Transcribe these records exactly, dropping every picture.
--- START ---
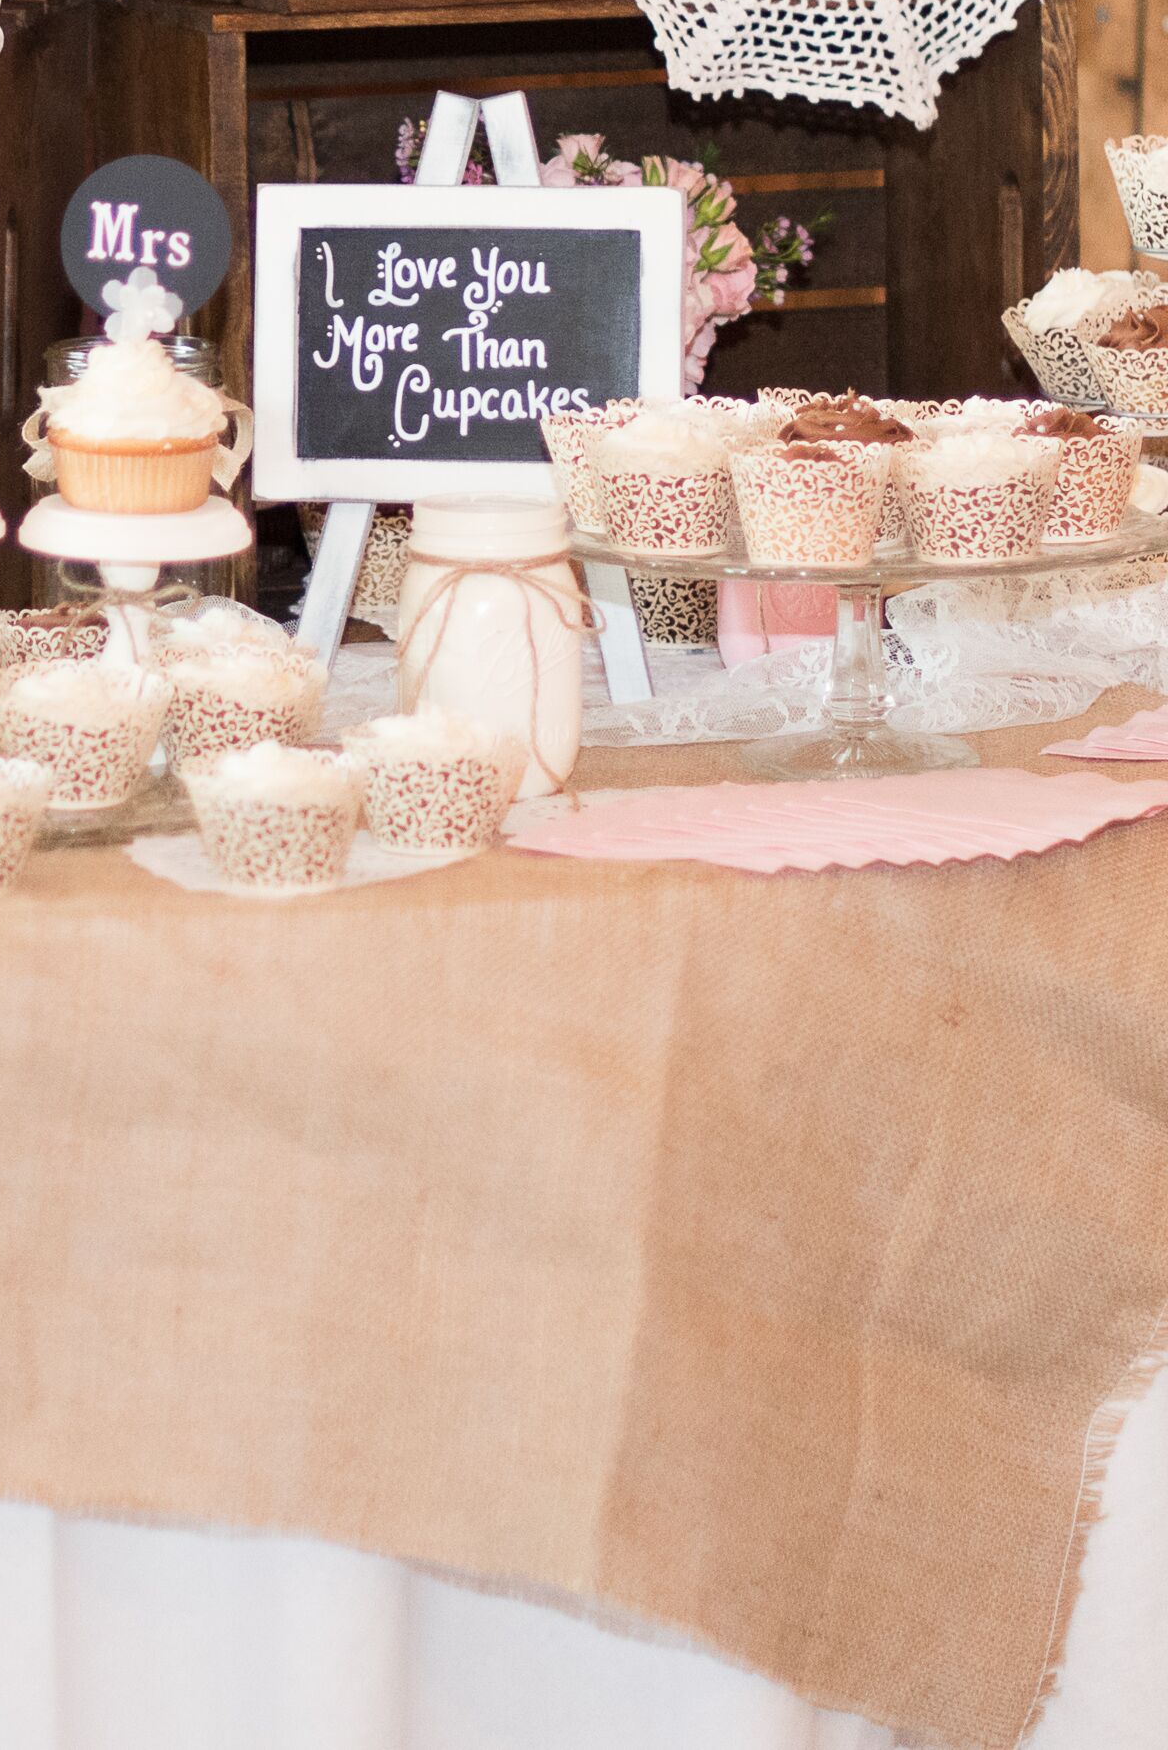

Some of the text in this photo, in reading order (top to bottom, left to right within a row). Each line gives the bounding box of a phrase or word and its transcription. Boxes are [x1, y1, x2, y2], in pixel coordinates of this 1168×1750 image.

[86, 200, 192, 268] Mrs
[315, 240, 551, 313] I Love You
[313, 310, 548, 392] More Than
[392, 363, 591, 443] Cupcakes
--- END ---
Exercise result >>
Some of the text in this photo, in reading order (top to bottom, left to right within a row). Each line gives the bounding box of a phrase or word and its transcription. Boxes are [x1, y1, x2, y2], in pixel coordinates of this 1168×1750 image.

[86, 200, 192, 268] Mrs
[315, 240, 551, 313] I Love You
[313, 310, 548, 392] More Than
[392, 363, 591, 443] Cupcakes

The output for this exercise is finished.